RECORD SET |
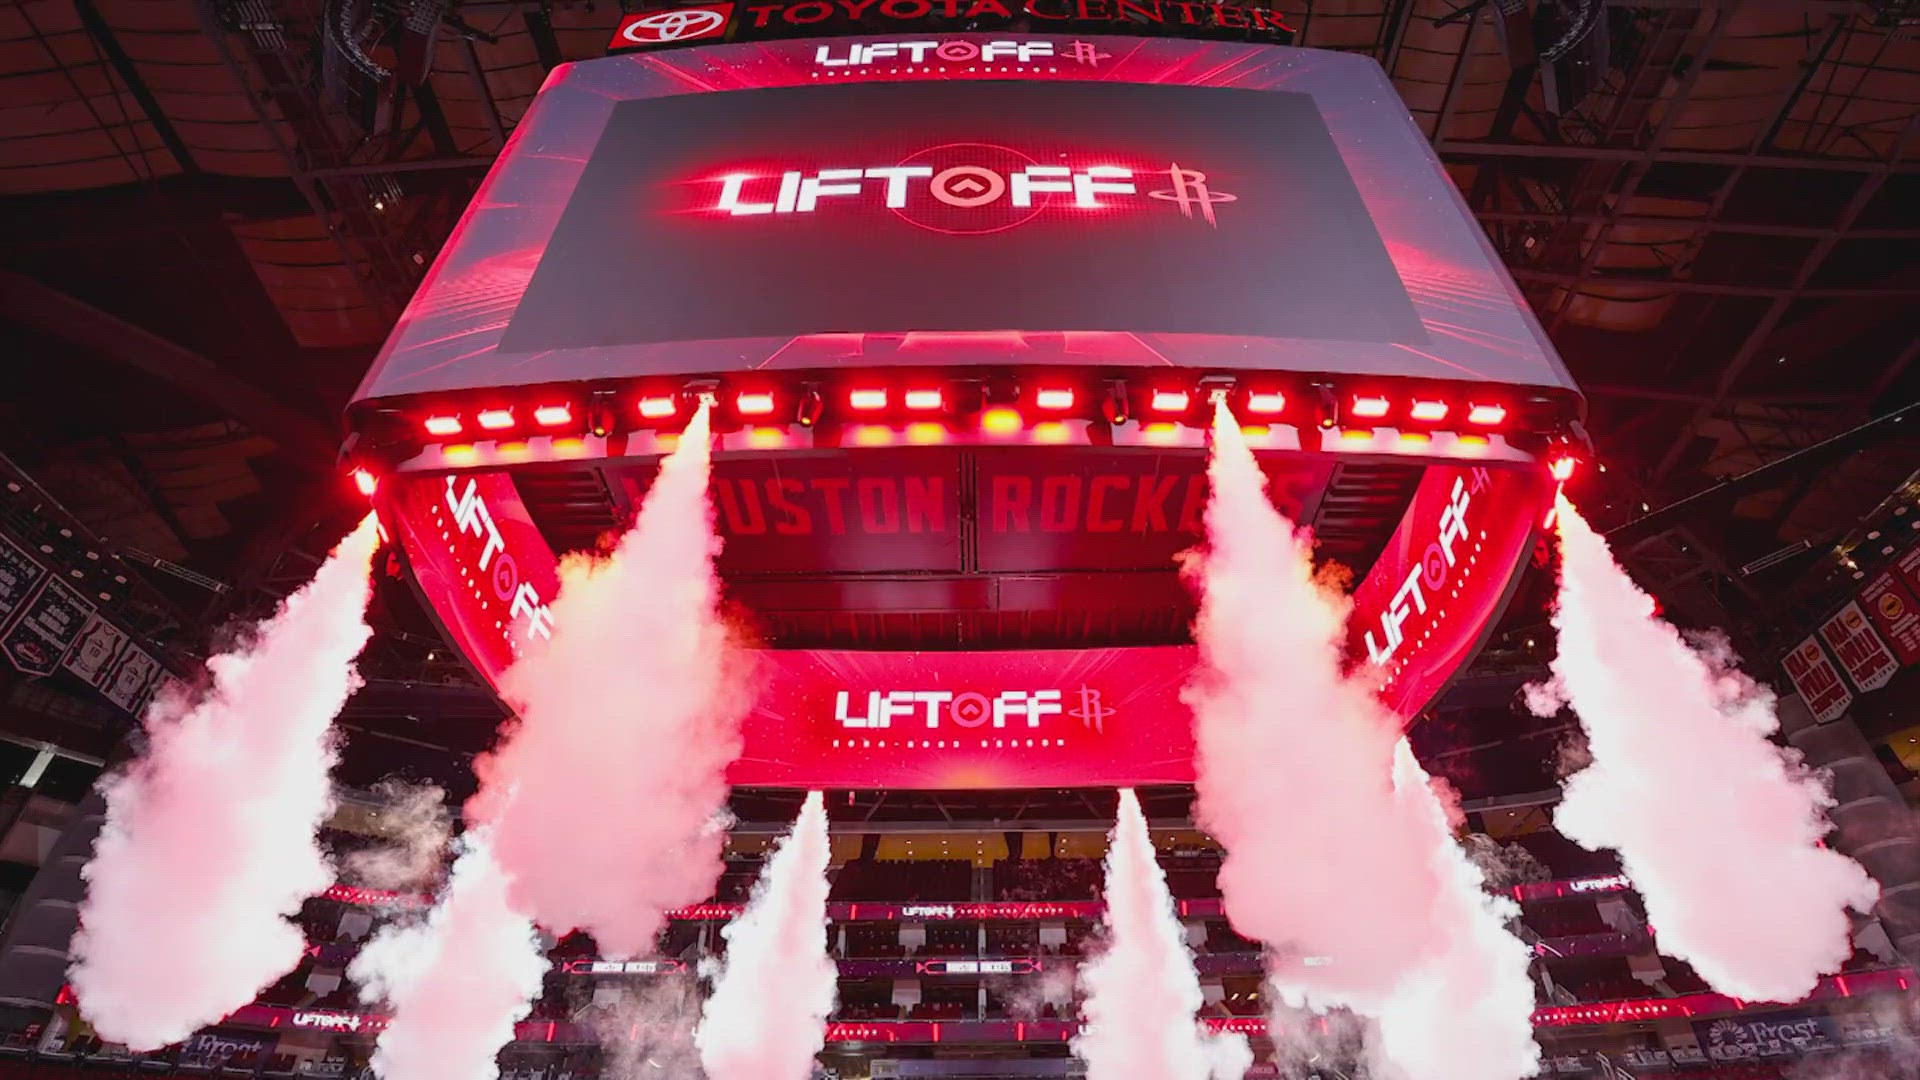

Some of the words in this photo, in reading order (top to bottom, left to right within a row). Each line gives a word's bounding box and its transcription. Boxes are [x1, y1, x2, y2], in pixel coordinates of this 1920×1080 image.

[748, 0, 1012, 27] TOYOTA
[1024, 0, 1297, 33] CENTER
[815, 41, 1054, 66] LIFTOFF
[719, 166, 1136, 215] LIFTOFF
[1364, 475, 1471, 666] LIFTOFF
[835, 690, 1062, 728] LIFTOFF
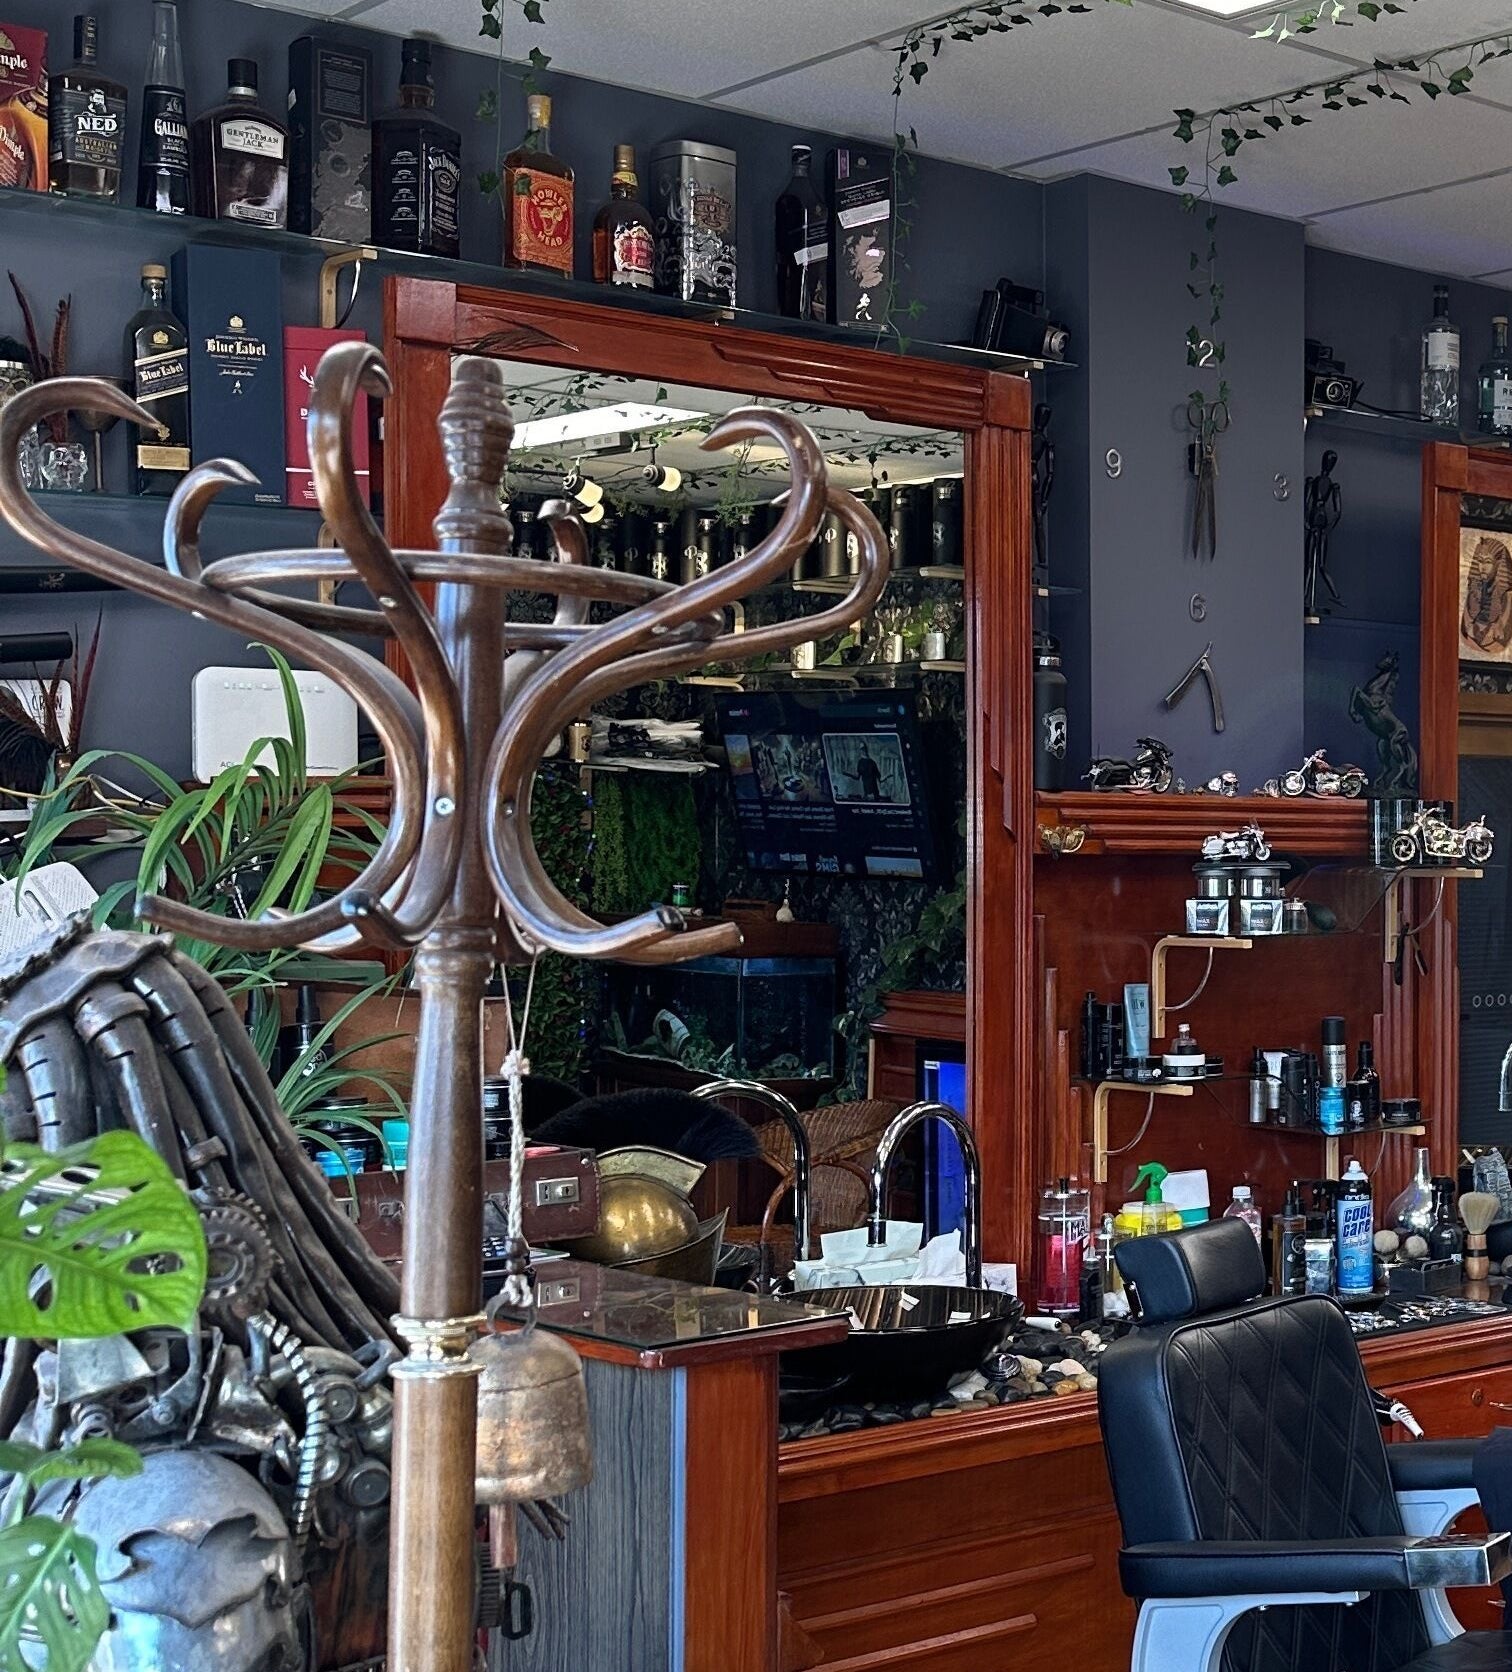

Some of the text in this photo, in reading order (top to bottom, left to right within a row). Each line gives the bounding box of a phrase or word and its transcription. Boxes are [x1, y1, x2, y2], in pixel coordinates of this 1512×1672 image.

[77, 117, 118, 132] NED
[226, 128, 279, 144] GENTLEMAN
[242, 138, 264, 148] JACK
[537, 231, 563, 247] HEAD
[204, 338, 234, 354] Blue
[234, 340, 267, 356] Label
[139, 362, 184, 383] Blue Label
[1105, 448, 1123, 479] 9
[1273, 472, 1291, 501] 3
[1188, 593, 1207, 622] 6
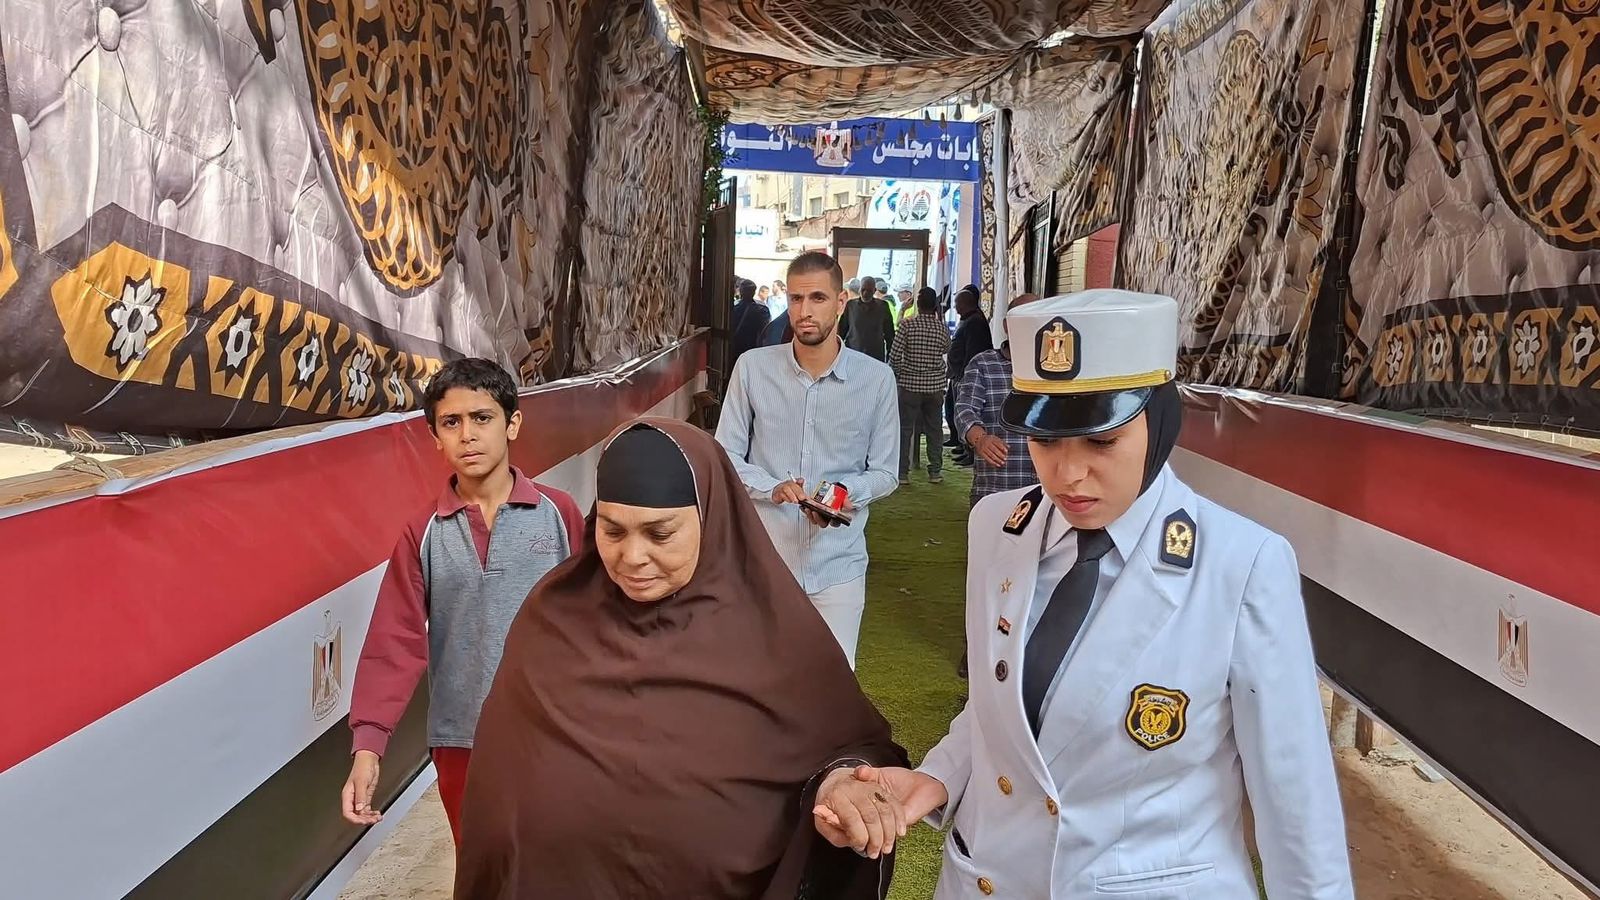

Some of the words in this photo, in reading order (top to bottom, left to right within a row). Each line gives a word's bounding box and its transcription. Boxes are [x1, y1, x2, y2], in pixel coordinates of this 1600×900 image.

[720, 125, 793, 156] النوا
[872, 133, 933, 166] مجلس
[937, 133, 980, 171] ابات
[735, 224, 769, 239] النياب
[1135, 728, 1170, 743] POLICE

WORK TASK | Give the listing above again exactly, minus any images.

TASK SOLUTION |
Some of the words in this photo, in reading order (top to bottom, left to right within a row). Each line gives a word's bounding box and its transcription. Boxes are [x1, y1, x2, y2], in pixel coordinates of this 1920×1080 image.

[748, 0, 1012, 27] TOYOTA
[1024, 0, 1297, 33] CENTER
[815, 41, 1054, 66] LIFTOFF
[719, 166, 1136, 215] LIFTOFF
[1364, 475, 1471, 666] LIFTOFF
[835, 690, 1062, 728] LIFTOFF

Some of the text in this photo, in reading order (top to bottom, left to right within a row). Each line gives the bounding box of a phrase or word and its transcription. Boxes are [x1, y1, x2, y2], in pixel coordinates of this 1512×1672 image.

[77, 117, 118, 132] NED
[226, 128, 279, 144] GENTLEMAN
[242, 138, 264, 148] JACK
[537, 231, 563, 247] HEAD
[204, 338, 234, 354] Blue
[234, 340, 267, 356] Label
[139, 362, 184, 383] Blue Label
[1105, 448, 1123, 479] 9
[1273, 472, 1291, 501] 3
[1188, 593, 1207, 622] 6

Some of the words in this photo, in reading order (top to bottom, left to right within a row). Each line gives a word's bounding box and its transcription. Boxes are [x1, y1, x2, y2], in pixel coordinates of this 1600×900 image.

[720, 125, 793, 156] النوا
[872, 133, 933, 166] مجلس
[937, 133, 980, 171] ابات
[735, 224, 769, 239] النياب
[1135, 728, 1170, 743] POLICE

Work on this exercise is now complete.